(Beginning of MATERIALS PROVIDED)

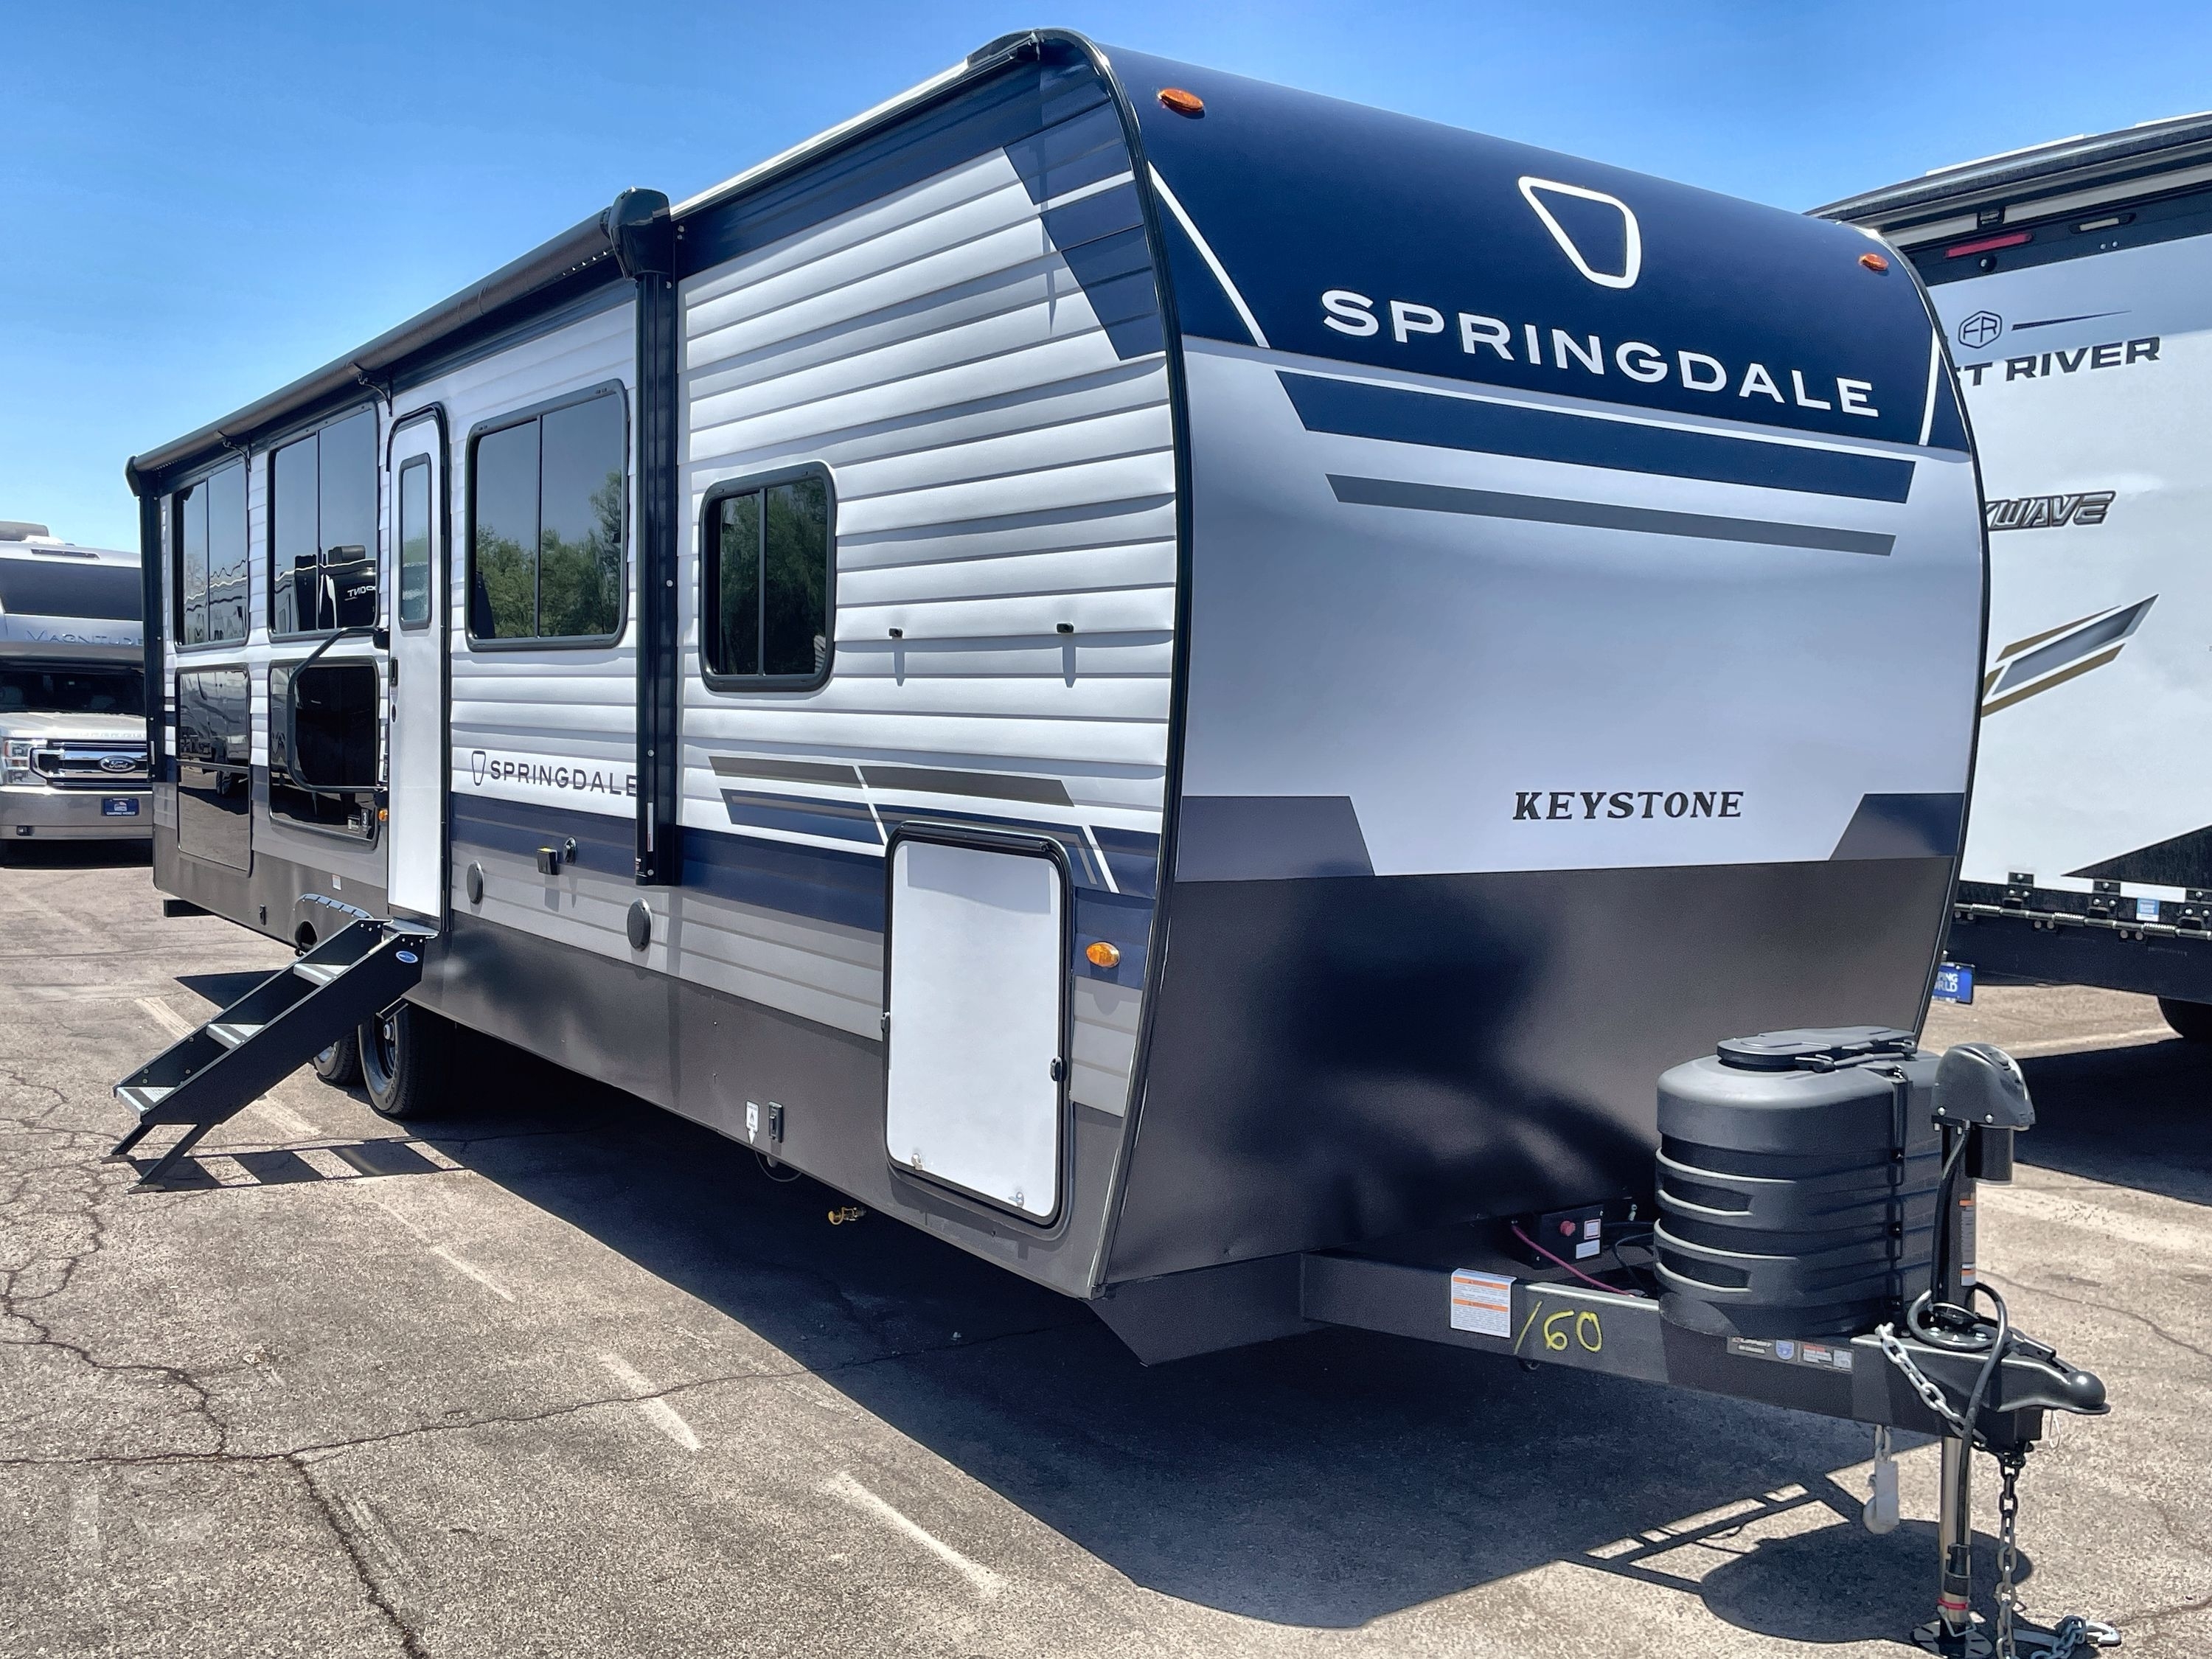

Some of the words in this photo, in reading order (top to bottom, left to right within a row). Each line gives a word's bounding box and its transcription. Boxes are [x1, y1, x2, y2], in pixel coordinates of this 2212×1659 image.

[1321, 290, 1879, 417] SPRINGDALE
[2005, 336, 2160, 381] RIVER
[1513, 791, 1744, 820] KEYSTONE
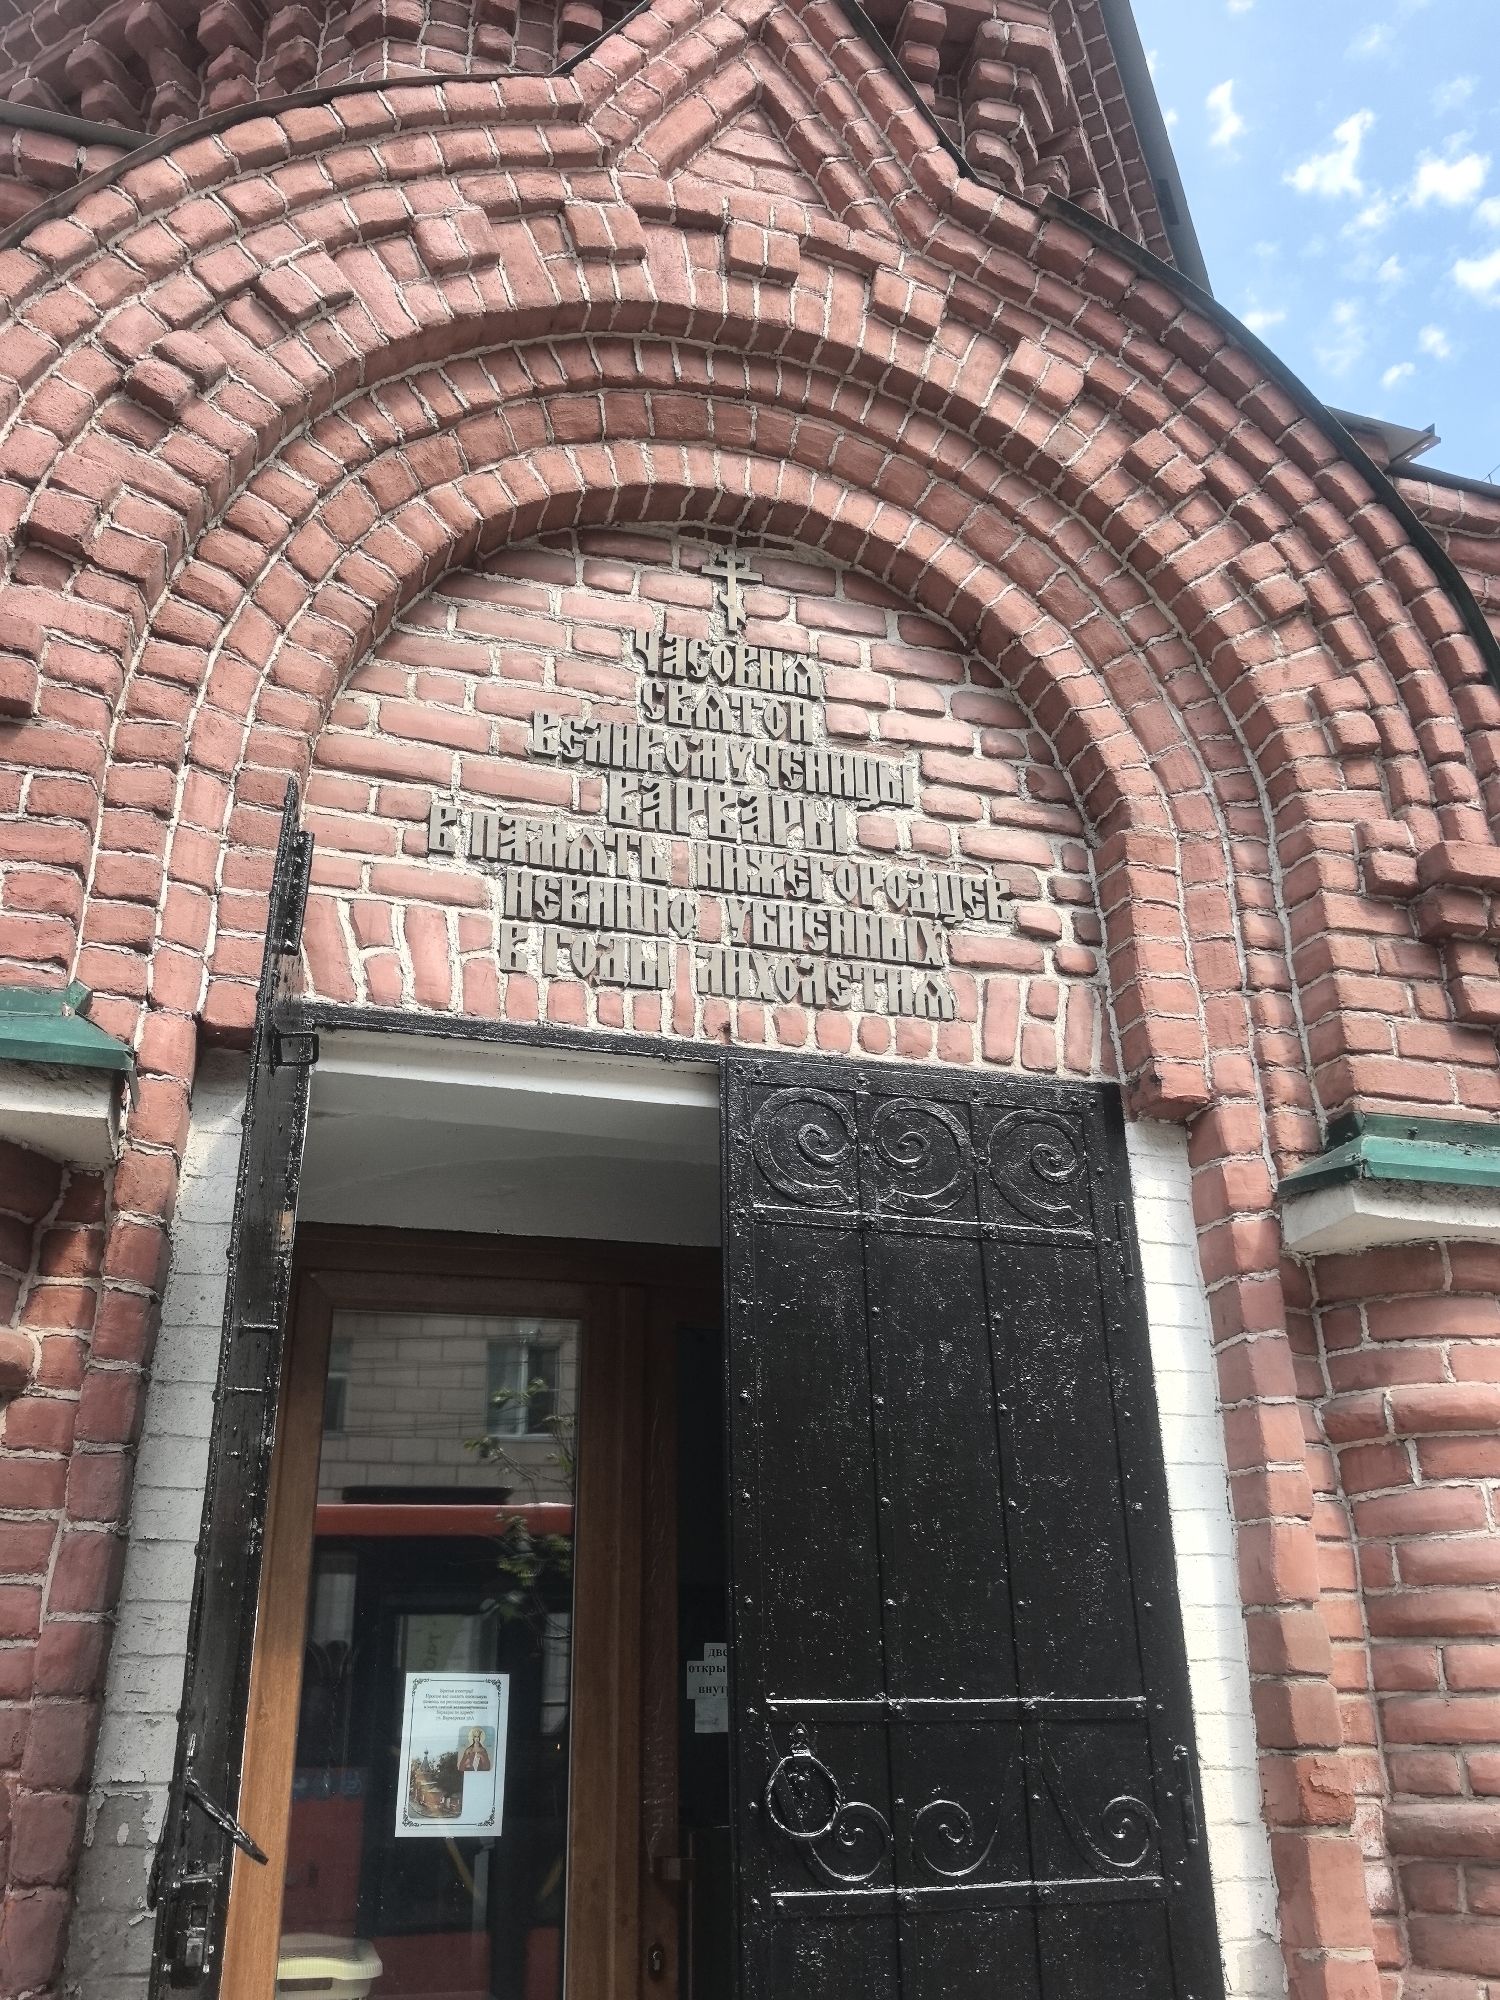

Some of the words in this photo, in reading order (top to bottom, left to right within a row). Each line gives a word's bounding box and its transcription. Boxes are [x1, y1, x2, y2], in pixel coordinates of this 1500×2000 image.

[429, 804, 458, 853] В
[608, 771, 848, 855] ВАРВАРЫ
[504, 869, 695, 938] НЕВИННО
[499, 924, 529, 972] В
[543, 927, 670, 989] ГОДЫ

(End of MATERIALS PROVIDED)

● WHAT IS NEEDED:
Give the entries above again exactly, minus their pictures.

● RESPONSE AREA:
Some of the words in this photo, in reading order (top to bottom, left to right within a row). Each line gives a word's bounding box and its transcription. Boxes are [x1, y1, x2, y2], in pixel coordinates of this 2212×1659 image.

[1321, 290, 1879, 417] SPRINGDALE
[2005, 336, 2160, 381] RIVER
[1513, 791, 1744, 820] KEYSTONE

Some of the words in this photo, in reading order (top to bottom, left to right within a row). Each line gives a word's bounding box and its transcription. Boxes are [x1, y1, x2, y2], in pixel coordinates of this 1500×2000 image.

[429, 804, 458, 853] В
[608, 771, 848, 855] ВАРВАРЫ
[504, 869, 695, 938] НЕВИННО
[499, 924, 529, 972] В
[543, 927, 670, 989] ГОДЫ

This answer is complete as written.